100ドルノートコンピュータに先立ってカンボジアの電気も場合によっては道もない村の子供に1人1台ノートコンピュータを配るという活動をしている。学校に発電機と衛星によるインターネット接続を設置して、学校で充電して家で使う。家には電気がないので、ノートコンピュータが一番明るい照明としてありがたがられることもある。子供たちが最初に覚える英語単語は「Google」だ。カンボジア語のコンテンツは質も量も限られているので子供たちは猛スピードで英語を覚えて英語のコンテンツに接している。

次に登場したのはAMD社のイアン・モリス氏だ。氏はPersonal Internet Communicatorと呼ばれる途上国向けのインターネット端末の責任者である。PICはAMDが進めている計画、fifty by fifteen、つまり2015年までに世界人口の50%にインターネットアクセスを提供する、の一環だ。20Gバイトのハードディスクを備えたPICは現在185ドルで販売されている。画面は別売りで250ドル。現在ブラジル、メキシコ、カリブ海諸国、インド、ロシアで販売している。電話回線やDSL回線とセットにして販売されていることもある。昨年カリブ海諸国をハリケーンが襲った後、現地の販売業者が衛星インターネット接続を備えたトラックにPICを積んで被災地域を回った。その際に、フロリダ州に住む親戚とインターネットで連絡を取れてよかったという人が多く居た。インターネット接続はそれ自体、途上国の人にとっても価値がある。

3人目のパネラーはbridges.orgの創始者テレサ・ピーターズ氏だ。氏は南アフリカケープタウンに4年半前から住み、貧困層への情報技術の普及活動をしている。現在、No Impact -- Why technology is not making a difference in the development worldと題する本を執筆中である。そして、貧困層には安く単純で小型の携帯情報機器が必要であるとの持論を展開している。具体的には一般的な電子手帳より少し大きいがノートパソコンよりは小さいものを想定しているようだ。貧困地域にパソコンを持ち込んだ際の最大の懸念は盗難だ。携帯機器であればその心配があまりない。また電力消費も少ないので電気がない地域でも使える。20年前に途上国にこれだけ携帯電話が普及するとは誰も予想しなかった。普及の大きな要因は、小型のものを所有できることがある。そのことから考えて、携帯型の情報機器が望まれていると考えている。

これに対してネグロポンテ氏は、現状のノートパソコンには問題が多いと認めつつも教育のためには携帯機器は不向きで、ノートパソコン程度の画面の大きさが必須であると主張していた。

2005-09-17追記

IT MediaにAMDのPersonal Internet Communicator、パナマ上陸と題するPICに関する記事があった。

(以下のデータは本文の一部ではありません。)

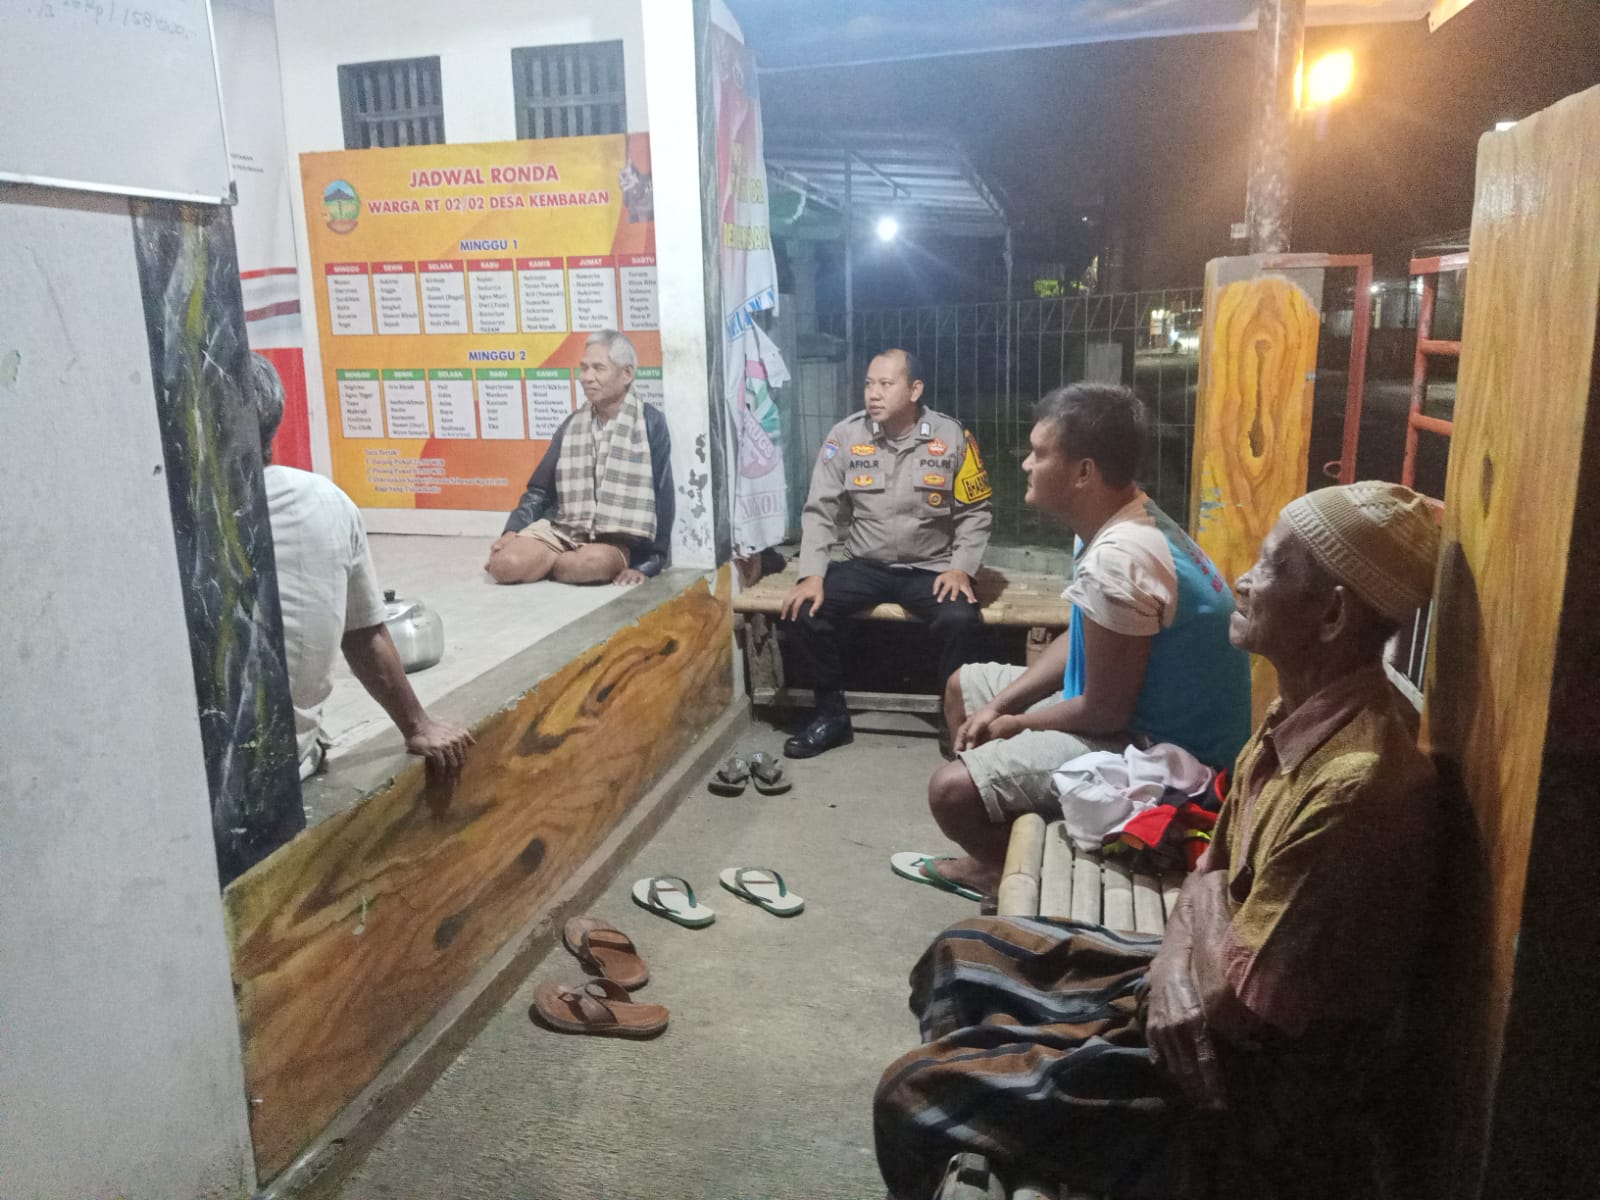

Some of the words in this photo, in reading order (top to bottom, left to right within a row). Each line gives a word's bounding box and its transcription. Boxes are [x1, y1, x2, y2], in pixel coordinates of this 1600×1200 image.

パナマのPICは、AMDがCable & Wirelessの現地法人と共同で販売し、インターネットアクセスを増強する。パナマのCable & WirelessはPICとブロードバンドアクセスを組み合わせたFacilNetというバンドルで販売する。価格は非公開。
AMDによれば、パナマのインターネットアクセス普及率は現在6%だという。

PICは通信会社が自社のサービスにバンドルして提供していることがあると聞いていたが、その例である。